I'm not sure which the "this" refers to so answer for both.Billy T, May I ask how you know this?... jan.
On honey bees having rules of behavior I know that from both personal observations when out of interest, more than desire for honey, I raised a hive for nearly two years, but I also read several books on them. (That is how I learned to use very fine flour dust to mark a bee I wanted to follow.) I'm not sure how bees get their assigned tasks, but they are much more moral about "doing their duty" than humans are. If their job is to collect in the field they do that, until typically one wing falls off or their ability to fly is damaged. I once saw a bee with his pollen sack full return to the hive, but the other hind leg was missing. Just flying so imbalanced must have been hard. During peak nectar flow, their life expectancy is only about three weeks. They literally give their life for the hive as they can live for at least 6 months when their is nothing to gather in the field. Likewise, the defenders will give their life by stinging an invader of the hive. (The stinger is barbed and it pulls the still pumping venom sack out of their body as their victim escapes and they soon die.) If they had a congress and metals, EVERY bee would deserve a Congressional metal of honor!

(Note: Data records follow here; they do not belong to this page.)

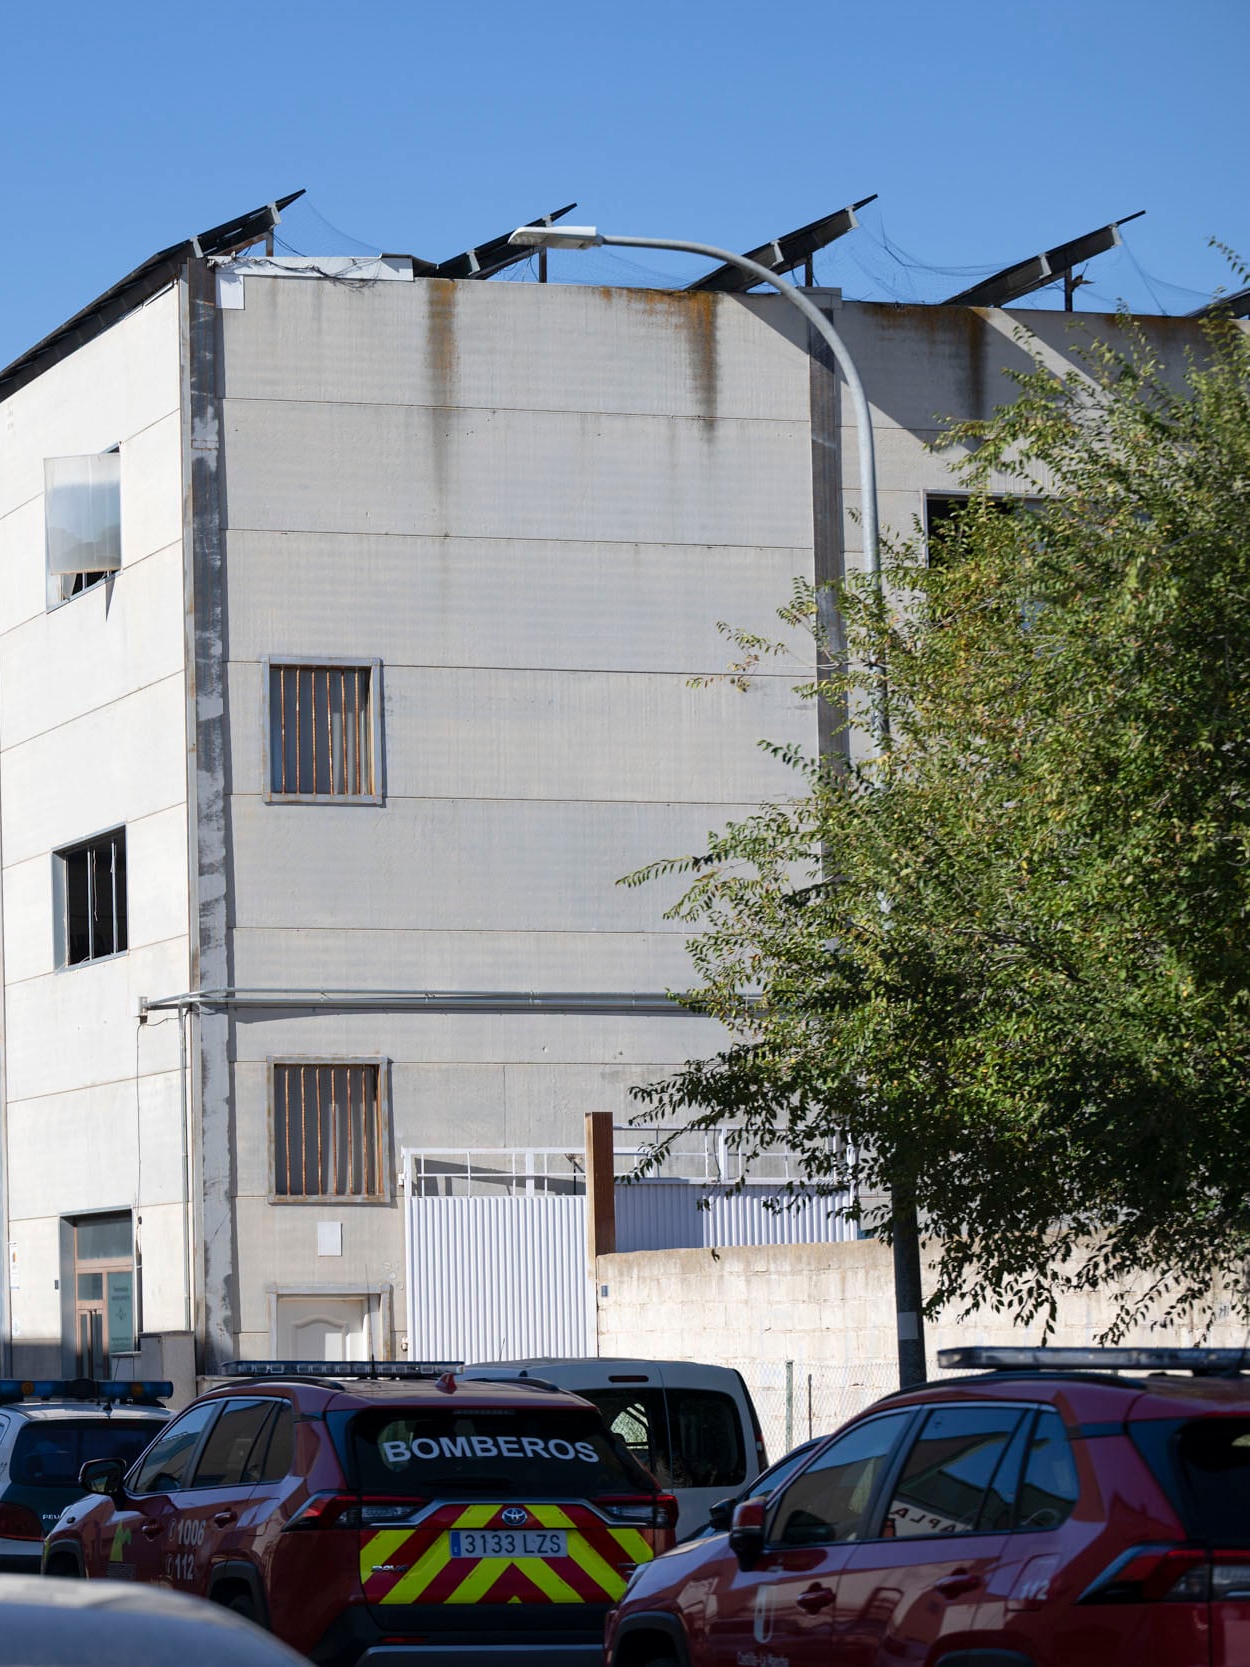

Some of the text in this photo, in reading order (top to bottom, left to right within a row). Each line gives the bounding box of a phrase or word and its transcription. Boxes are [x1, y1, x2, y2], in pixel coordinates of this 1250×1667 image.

[382, 1435, 600, 1464] BOMBEROS
[177, 1519, 207, 1546] 1006
[465, 1534, 561, 1553] 3133 LZS
[175, 1552, 195, 1581] 112
[1020, 1579, 1049, 1601] 112

On " These morals evolve at least 10,000 times faster than physical characteristics do with environmental changes. " that is just a very conservative guess from what I have read. If a time machine could reach back 10,000 years and transport a new born to the current era, switching it for a just in hospital born baby, and then it got a normal up-bring no-one would notice any thing strange (physically or other wise) about it at any time in its life. Evolution is a very very slow process and at any point in time the genetic variations are much greater than the very slow drift in the gene pool average.

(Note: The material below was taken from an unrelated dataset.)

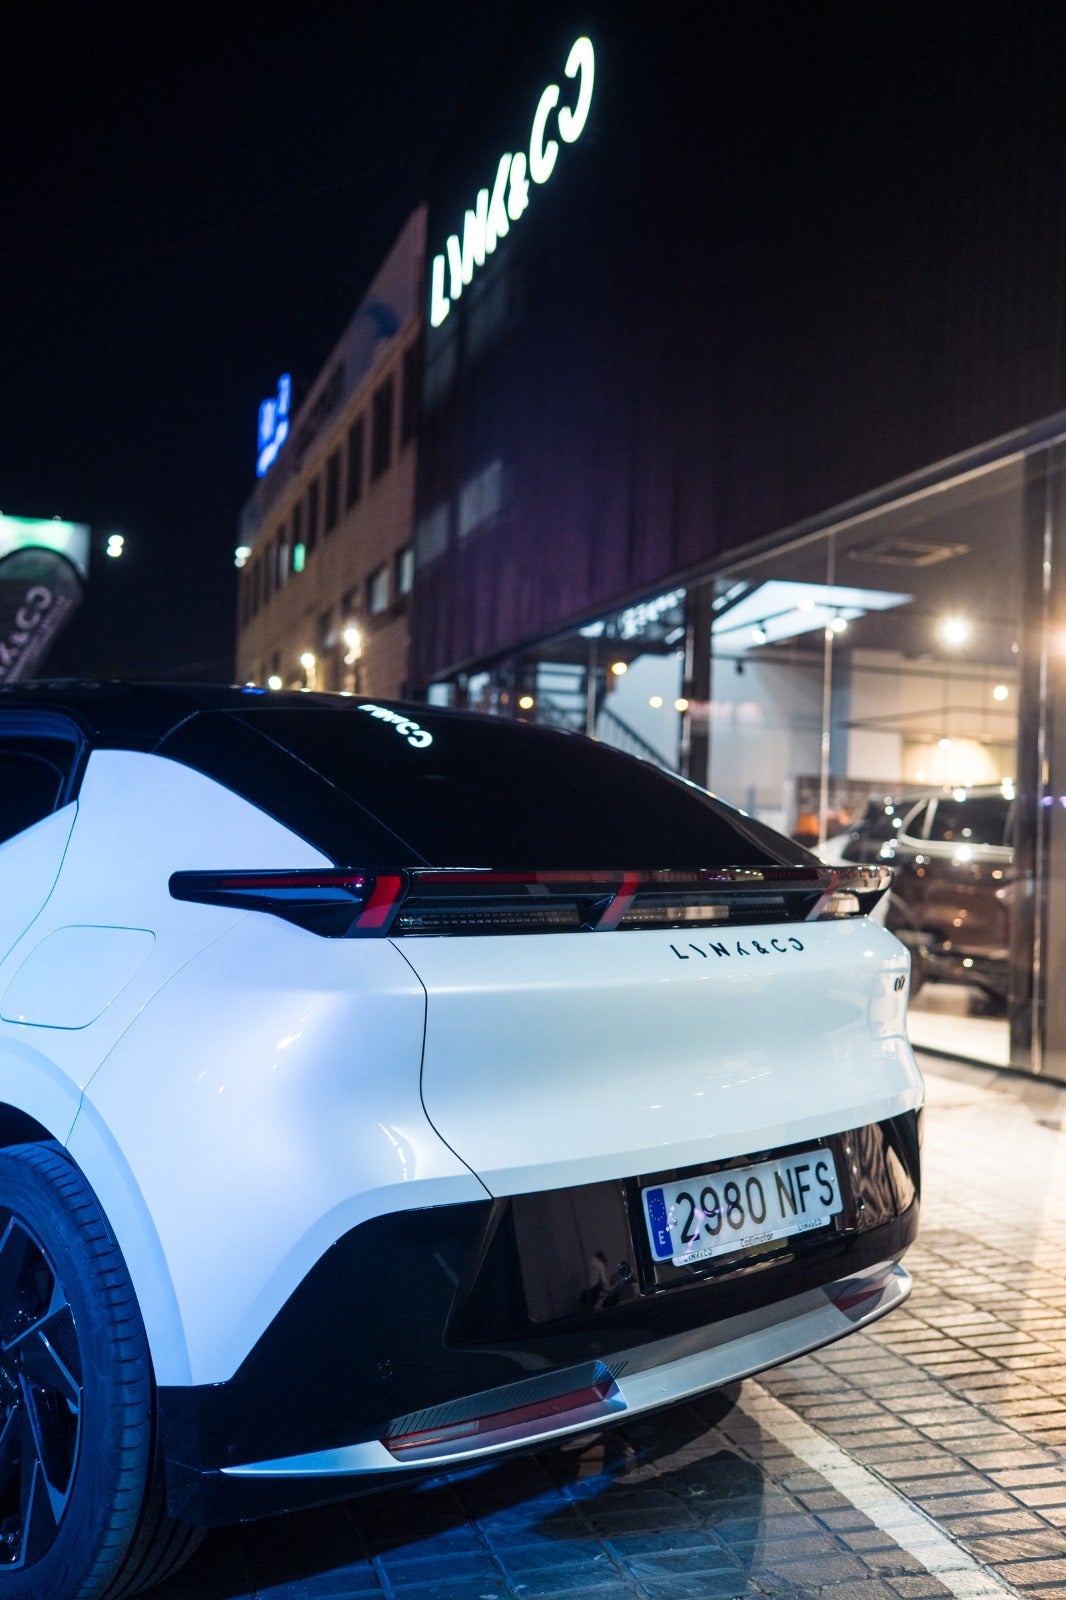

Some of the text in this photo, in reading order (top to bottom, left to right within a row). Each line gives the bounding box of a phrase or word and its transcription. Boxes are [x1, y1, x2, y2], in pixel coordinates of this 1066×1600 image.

Contrast that with the rapid change in behavior / accepted morality. Hell, in less than a decade blacks eating in Baltimore's restaurant were not noticed even if they were a large group laughing loudly and celebrating something and I had a lot to do with making that change. I was proud when the president of JHU handed me my Ph.D. certificate, but not nearly as proud and pleased as when I sat in a Baltimore restaurant about 10 years later with my step-mother and silently watch that celebration. About four or five tables had been pushed together for this happy group of blacks* in the center of restaurant which had white occupied booths along both walls. I watched the whites too - not one seem even annoyed with the joyous but boisterous blacks. I have never been as proud, but said nothing to my step-mother who was also silent, but had thought it wrong for me to take a summer off from my Ph. D. research to help a bunch of ignorant smelly blacks, as she had commented when I did so.
* As I recall, there were more than dozen, two young men in army uniforms, an old black in a wheel chair, several ladies in party dresses, one of which was white - I guessed she was a "just married" bride.
SUMMARY: Behavior / morals can flip 180 degrees in less than a decade, but changing hearts takes longer - I'm sure my step-mother's views were not changed, only no longer expressed.